12. Hon'ble Supreme Court reported in (2002) 4 SCC 506, Maharashtra Distilleries Vs. Municipal Corporation of Aurangabad and another while considering the relevant rule with regard to octroi duty had interpreted the rectified spirit as not fit for human consumption and observed that only after numerous processes in the distillation, it is being converted to consumable spirit i.e. fit for human consumption . Their Lordship of Hon'ble Supreme Court had rejected the plea and turn down the judgement of High Court and held that, rectified spirit is purified or refined liquor as it has to undergo certain process including treatment with chemicals and re-distillation, to quote relevant portion from the judgement of Maharashtra Distilleries (supra):-
".... Rectified Spirit imported by the appellant into octroi limits of the respondent was not fit for human consumption as it was directly at the point. It was only raw material at that stage. No doubt, it is subsequently used in the manufacture of potable liquor but the octroi duty is leviable on the material imported into octroi limits at that stage only, which aspect is not correctly appreciated by the High Court. The Rectified Spirit undergoes numerous processes in the distillery of the appellant after importing it on payment of octroi duty before being converted into potable liquor. Class I of the Schedule speaks of "articles used for food or drink by men ...........". It would only mean that the articles which were used directly on the import within the local area of the respondent and not articles coming into being after further processing because the octroi duty
is leviable on goods actually brought into the local area at that point for use directly. The High Court was also not right in saying that the Rectified Spirit is purified or refined liquor as it has to undergo certain processes including treatment with chemicals and redistillation to remove impurities before it can be treated as pure spirit. It may be stated that even the pure spirit has strength of about 90% v/v and in this form also it is not fit for human consumption."

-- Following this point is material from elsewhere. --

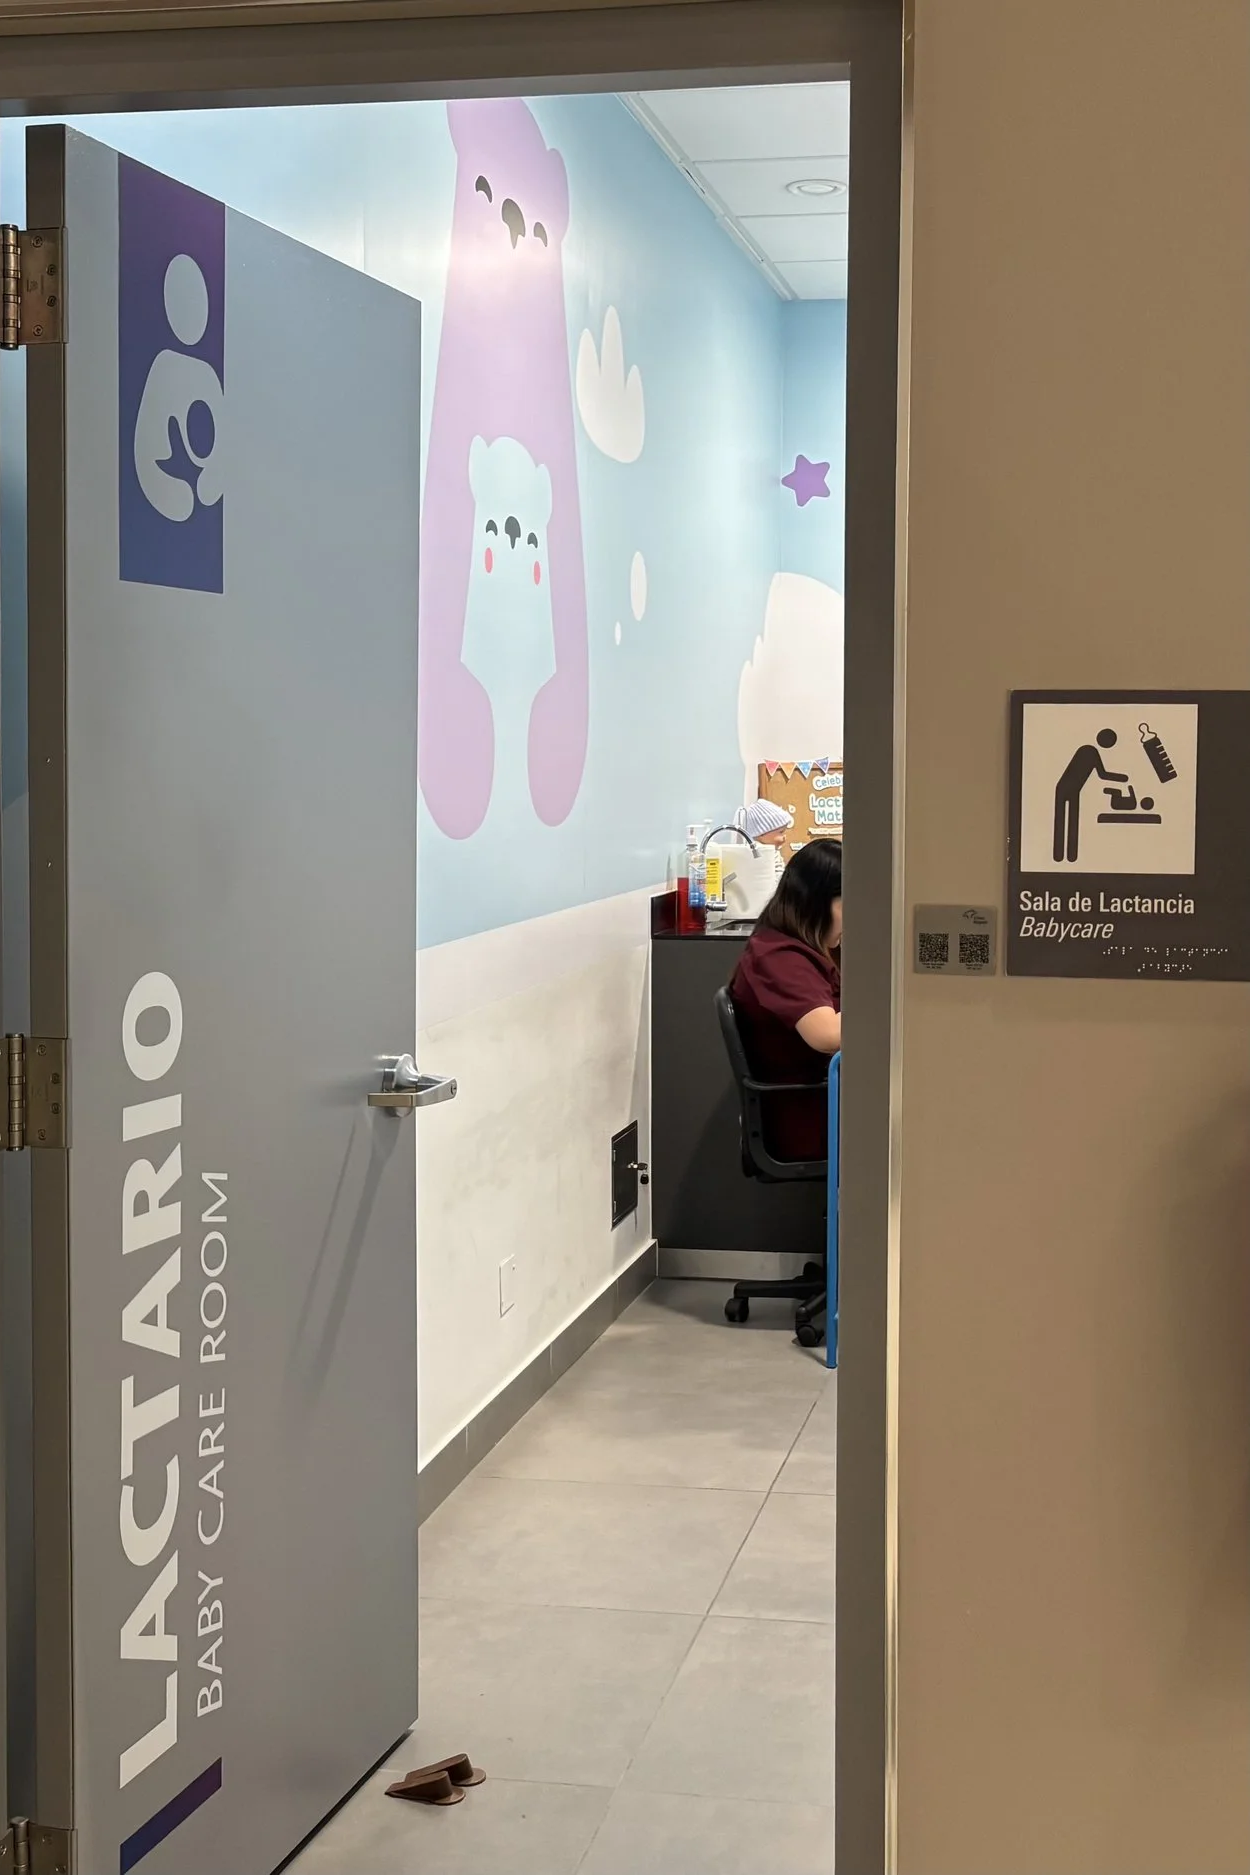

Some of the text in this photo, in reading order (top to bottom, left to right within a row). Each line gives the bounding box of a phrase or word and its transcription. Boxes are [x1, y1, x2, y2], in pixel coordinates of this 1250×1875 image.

[1019, 890, 1195, 914] Sala de Lactancia
[1019, 916, 1114, 943] Babycare
[119, 971, 183, 1789] LACTARIO
[197, 1172, 228, 1718] BABY CARE ROOM

13. Denatured spirit is prepared by addition of Methyl alcohol CH3OH (Methanol) used as fuel, solvent, oil for dry cleaning or to denatured the ethyl alcohol or ethanol C2H5OH.
Thus, admittedly, the industrial alcohol are denatured spirit but they constitute different class of spirits and with entirely different chemical formula and is otherwise than beer, wine etc.
14. Legislature to their wisdom has used the word "any other alcohol spirit" after beer and wine. There appears to be no room of doubt that beer and wine constitute different class though are spirit. It constitute different species or class and fit for human consumption. Purpose of Section 80 I is to give incentives to the industrialist while providing deduction under 80 I of the Act with regard to profit and gains earned from industrial undertaking after certain dates. Industrial alcohol has got commercial use and is not fit for human consumption. Whereas, beer and wine belong to category of liquor fit for human consumption. From the combined reading of Item 1 of Schedule 11 it borne out that it co relate to liquor fit for human consumption and not the industrial alcohol which is denatured spirit constitute separate class.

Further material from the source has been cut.